:: Supplied data

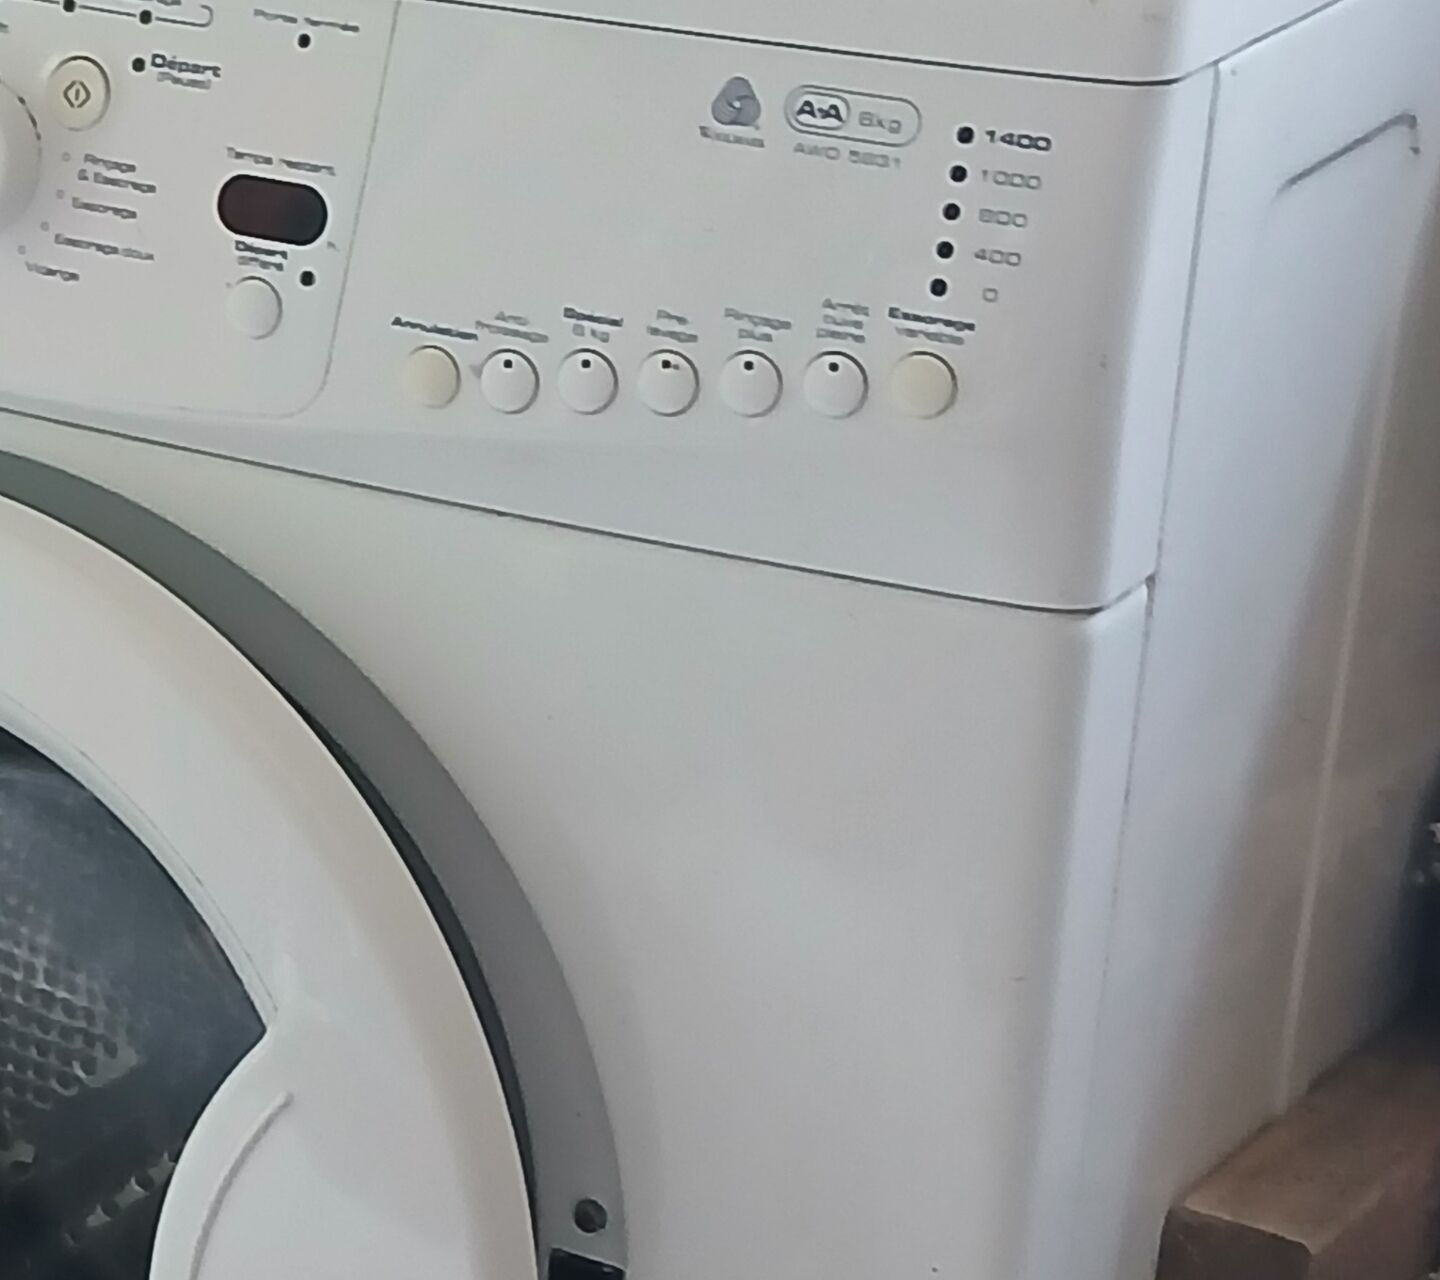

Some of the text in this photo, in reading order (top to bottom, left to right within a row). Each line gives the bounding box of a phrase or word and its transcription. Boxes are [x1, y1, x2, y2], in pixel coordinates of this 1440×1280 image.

[985, 130, 1052, 151] 1400
[982, 169, 1041, 190] 1000
[974, 248, 1022, 267] 400
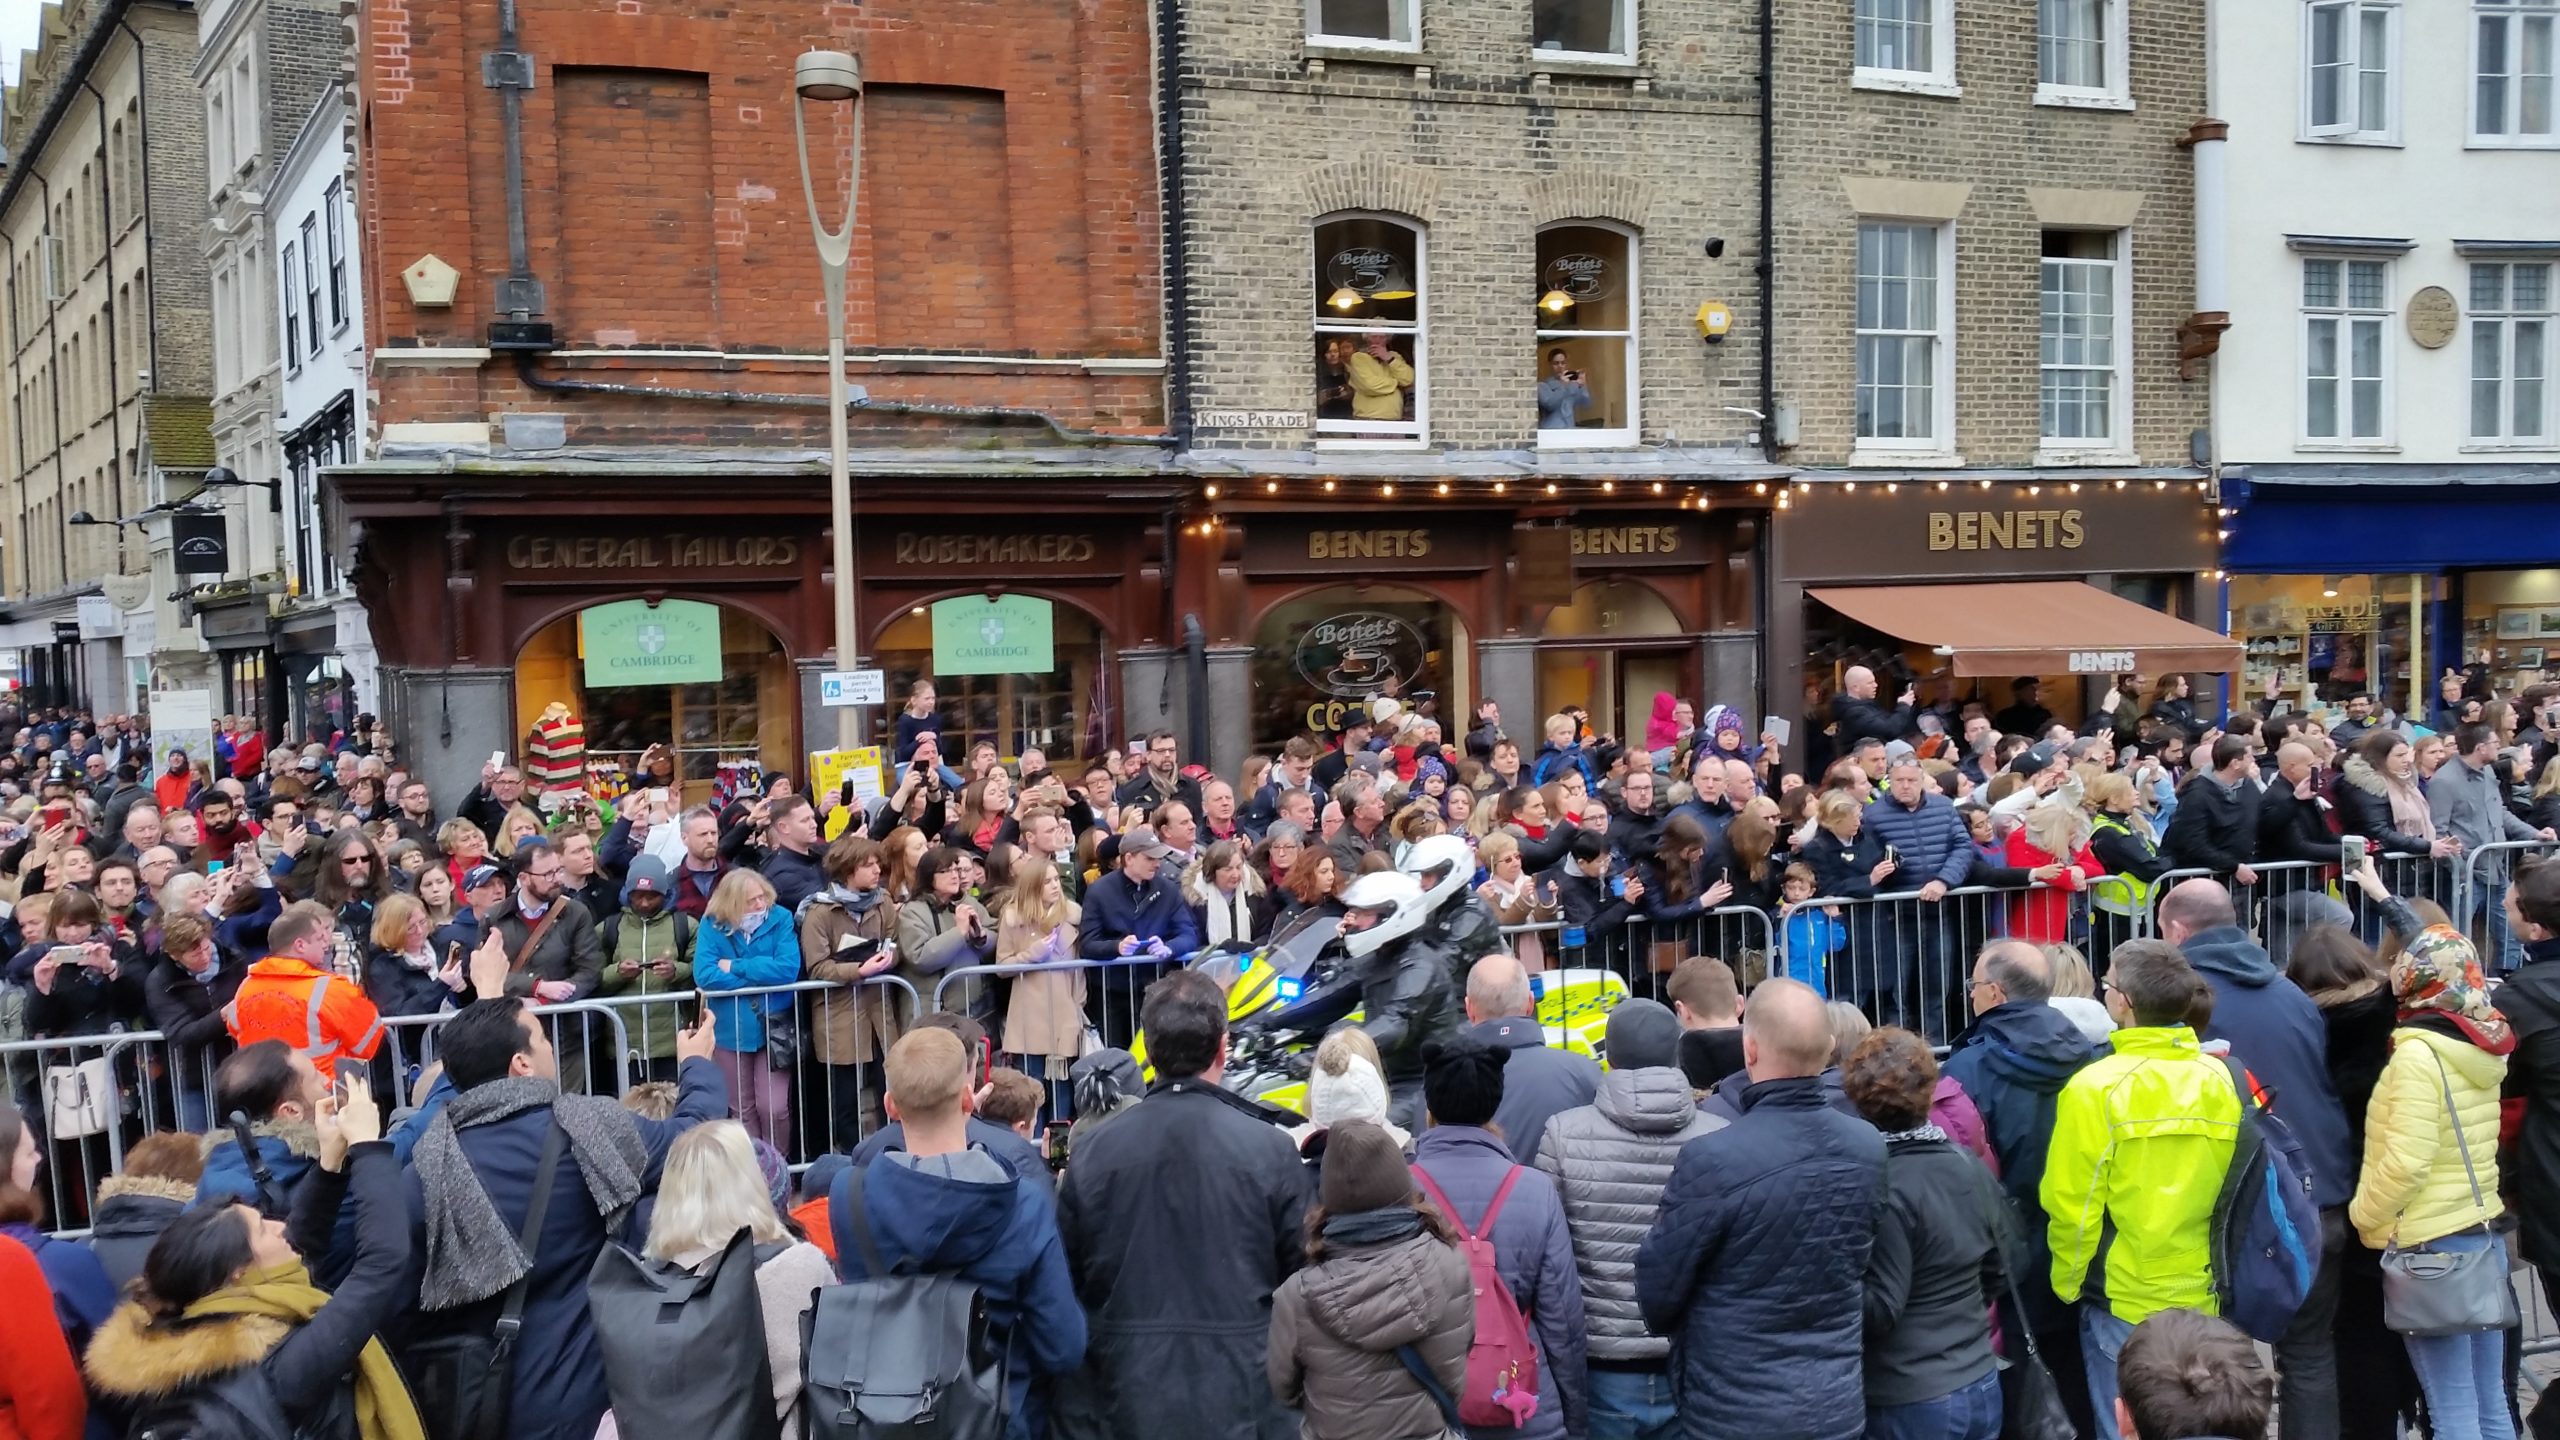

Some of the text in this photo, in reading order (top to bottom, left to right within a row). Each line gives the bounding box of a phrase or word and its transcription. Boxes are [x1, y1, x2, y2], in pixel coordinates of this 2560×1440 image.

[1200, 412, 1305, 427] KINGS PARADE
[1571, 527, 1680, 554] BENETS
[1927, 509, 2085, 550] BENETS
[507, 533, 797, 568] GENERAL TAILORS
[896, 531, 1095, 563] ROBEMAKERS
[1309, 529, 1431, 558] BENETS
[1316, 620, 1398, 645] Benets
[610, 654, 696, 668] CAMBRIDGE
[955, 646, 1029, 657] CAMBRIDGE
[2069, 652, 2135, 671] BENETS
[1541, 991, 1578, 1007] POLCE
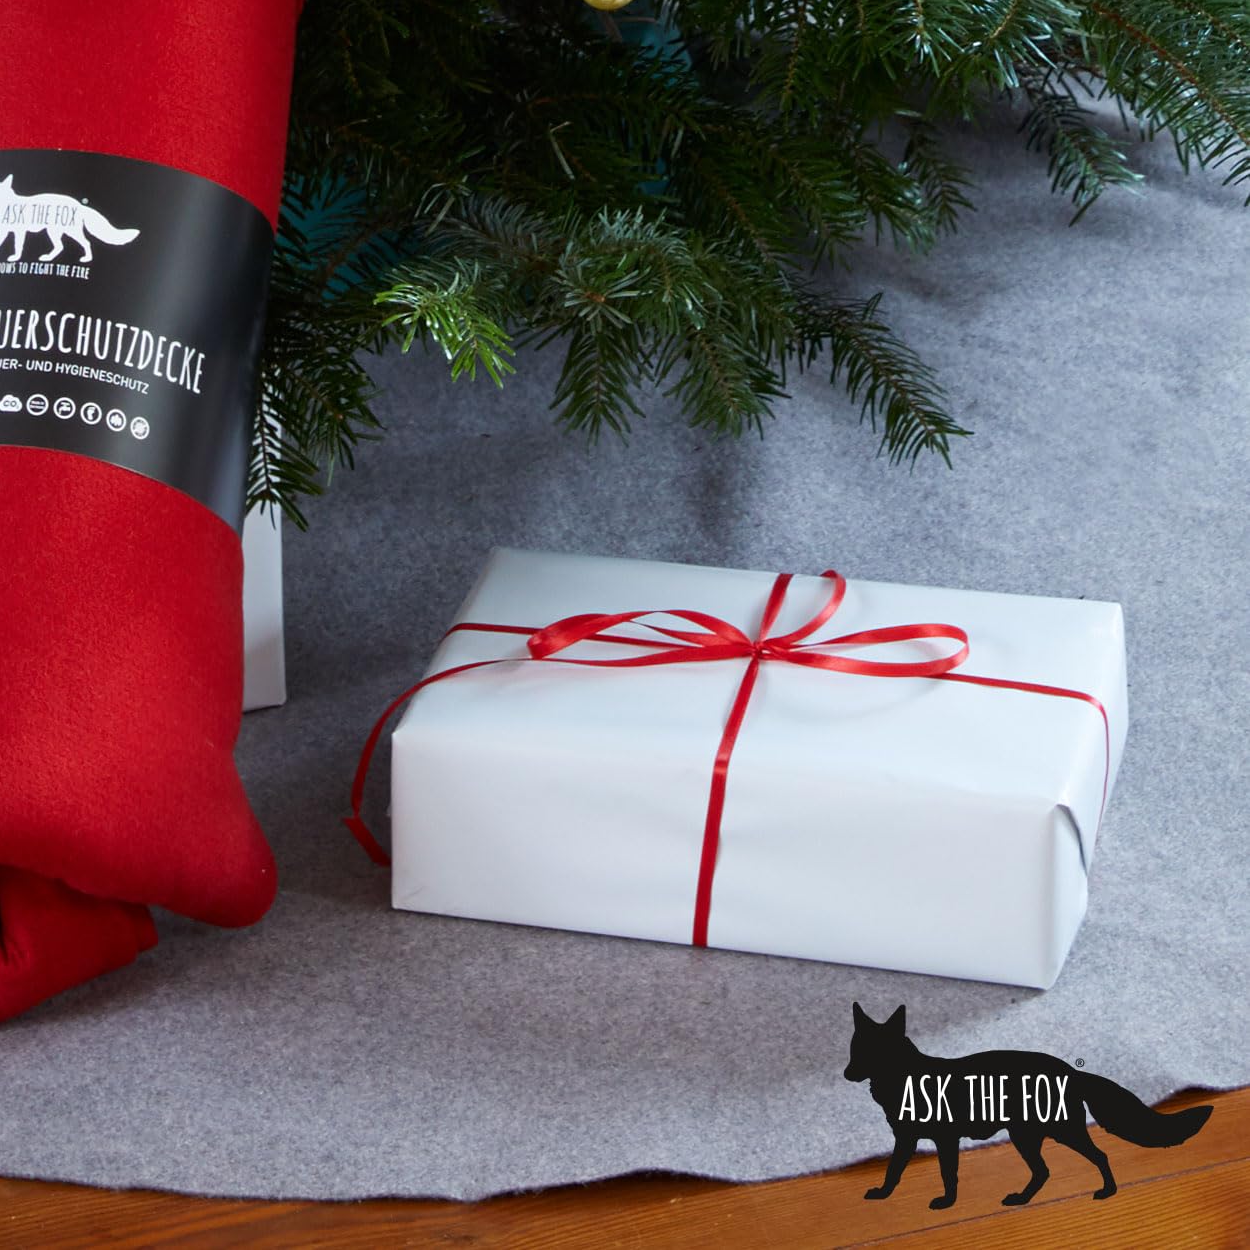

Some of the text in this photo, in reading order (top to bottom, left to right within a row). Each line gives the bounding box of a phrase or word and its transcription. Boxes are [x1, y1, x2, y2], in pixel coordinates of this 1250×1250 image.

::::

> Activity:
What is needed is an exact printout of all the entries, without the pictures.

> Answer area:
Some of the text in this photo, in reading order (top to bottom, left to right within a row). Each line gives the bounding box of a phrase or word and its transcription. Boxes are [x1, y1, x2, y2], in pixel coordinates of this 1440×1280 image.

[985, 130, 1052, 151] 1400
[982, 169, 1041, 190] 1000
[974, 248, 1022, 267] 400

Some of the text in this photo, in reading order (top to bottom, left to right within a row). Each line gives the bounding box of a phrase or word and its transcription. Boxes are [x1, y1, x2, y2], in pixel coordinates of this 2560×1440 image.

[1200, 412, 1305, 427] KINGS PARADE
[1571, 527, 1680, 554] BENETS
[1927, 509, 2085, 550] BENETS
[507, 533, 797, 568] GENERAL TAILORS
[896, 531, 1095, 563] ROBEMAKERS
[1309, 529, 1431, 558] BENETS
[1316, 620, 1398, 645] Benets
[610, 654, 696, 668] CAMBRIDGE
[955, 646, 1029, 657] CAMBRIDGE
[2069, 652, 2135, 671] BENETS
[1541, 991, 1578, 1007] POLCE

Some of the text in this photo, in reading order (top to bottom, left to right within a row). Each line gives the bounding box of a phrase or word and its transcription. Boxes are [x1, y1, x2, y2], in pixel coordinates of this 1250×1250 image.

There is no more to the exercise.